DIRECTIONS FOR THIS TASK: Output all the data exactly.

(Spatial localization data)
::::::
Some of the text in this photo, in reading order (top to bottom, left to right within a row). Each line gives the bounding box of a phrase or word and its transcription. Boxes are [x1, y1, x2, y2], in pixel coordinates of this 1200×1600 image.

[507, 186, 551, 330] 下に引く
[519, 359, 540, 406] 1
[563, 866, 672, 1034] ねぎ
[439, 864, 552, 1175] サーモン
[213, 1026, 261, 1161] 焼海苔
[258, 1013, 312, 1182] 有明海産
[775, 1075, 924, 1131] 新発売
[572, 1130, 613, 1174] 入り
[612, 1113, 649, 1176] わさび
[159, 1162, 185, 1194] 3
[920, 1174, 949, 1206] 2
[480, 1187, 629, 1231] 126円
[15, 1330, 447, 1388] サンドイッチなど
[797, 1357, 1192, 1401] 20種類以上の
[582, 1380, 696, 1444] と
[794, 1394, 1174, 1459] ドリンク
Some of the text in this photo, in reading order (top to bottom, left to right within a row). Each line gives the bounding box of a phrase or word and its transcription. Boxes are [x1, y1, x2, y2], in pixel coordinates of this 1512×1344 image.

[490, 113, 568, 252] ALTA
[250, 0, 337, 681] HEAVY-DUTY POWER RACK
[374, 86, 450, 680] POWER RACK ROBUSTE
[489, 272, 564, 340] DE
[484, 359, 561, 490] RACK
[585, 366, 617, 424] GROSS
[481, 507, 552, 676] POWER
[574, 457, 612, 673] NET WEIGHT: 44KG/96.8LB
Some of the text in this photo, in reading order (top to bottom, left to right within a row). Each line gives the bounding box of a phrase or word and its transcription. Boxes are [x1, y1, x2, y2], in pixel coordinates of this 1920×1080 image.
::::::
FINAL ANSWER:
Some of the text in this photo, in reading order (top to bottom, left to right within a row). Each line gives the bounding box of a phrase or word and its transcription. Boxes are [x1, y1, x2, y2], in pixel coordinates of this 1200×1600 image.

[507, 186, 551, 330] 下に引く
[519, 359, 540, 406] 1
[563, 866, 672, 1034] ねぎ
[439, 864, 552, 1175] サーモン
[213, 1026, 261, 1161] 焼海苔
[258, 1013, 312, 1182] 有明海産
[775, 1075, 924, 1131] 新発売
[572, 1130, 613, 1174] 入り
[612, 1113, 649, 1176] わさび
[159, 1162, 185, 1194] 3
[920, 1174, 949, 1206] 2
[480, 1187, 629, 1231] 126円
[15, 1330, 447, 1388] サンドイッチなど
[797, 1357, 1192, 1401] 20種類以上の
[582, 1380, 696, 1444] と
[794, 1394, 1174, 1459] ドリンク
Some of the text in this photo, in reading order (top to bottom, left to right within a row). Each line gives the bounding box of a phrase or word and its transcription. Boxes are [x1, y1, x2, y2], in pixel coordinates of this 1512×1344 image.

[490, 113, 568, 252] ALTA
[250, 0, 337, 681] HEAVY-DUTY POWER RACK
[374, 86, 450, 680] POWER RACK ROBUSTE
[489, 272, 564, 340] DE
[484, 359, 561, 490] RACK
[585, 366, 617, 424] GROSS
[481, 507, 552, 676] POWER
[574, 457, 612, 673] NET WEIGHT: 44KG/96.8LB
Some of the text in this photo, in reading order (top to bottom, left to right within a row). Each line gives the bounding box of a phrase or word and its transcription. Boxes are [x1, y1, x2, y2], in pixel coordinates of this 1920×1080 image.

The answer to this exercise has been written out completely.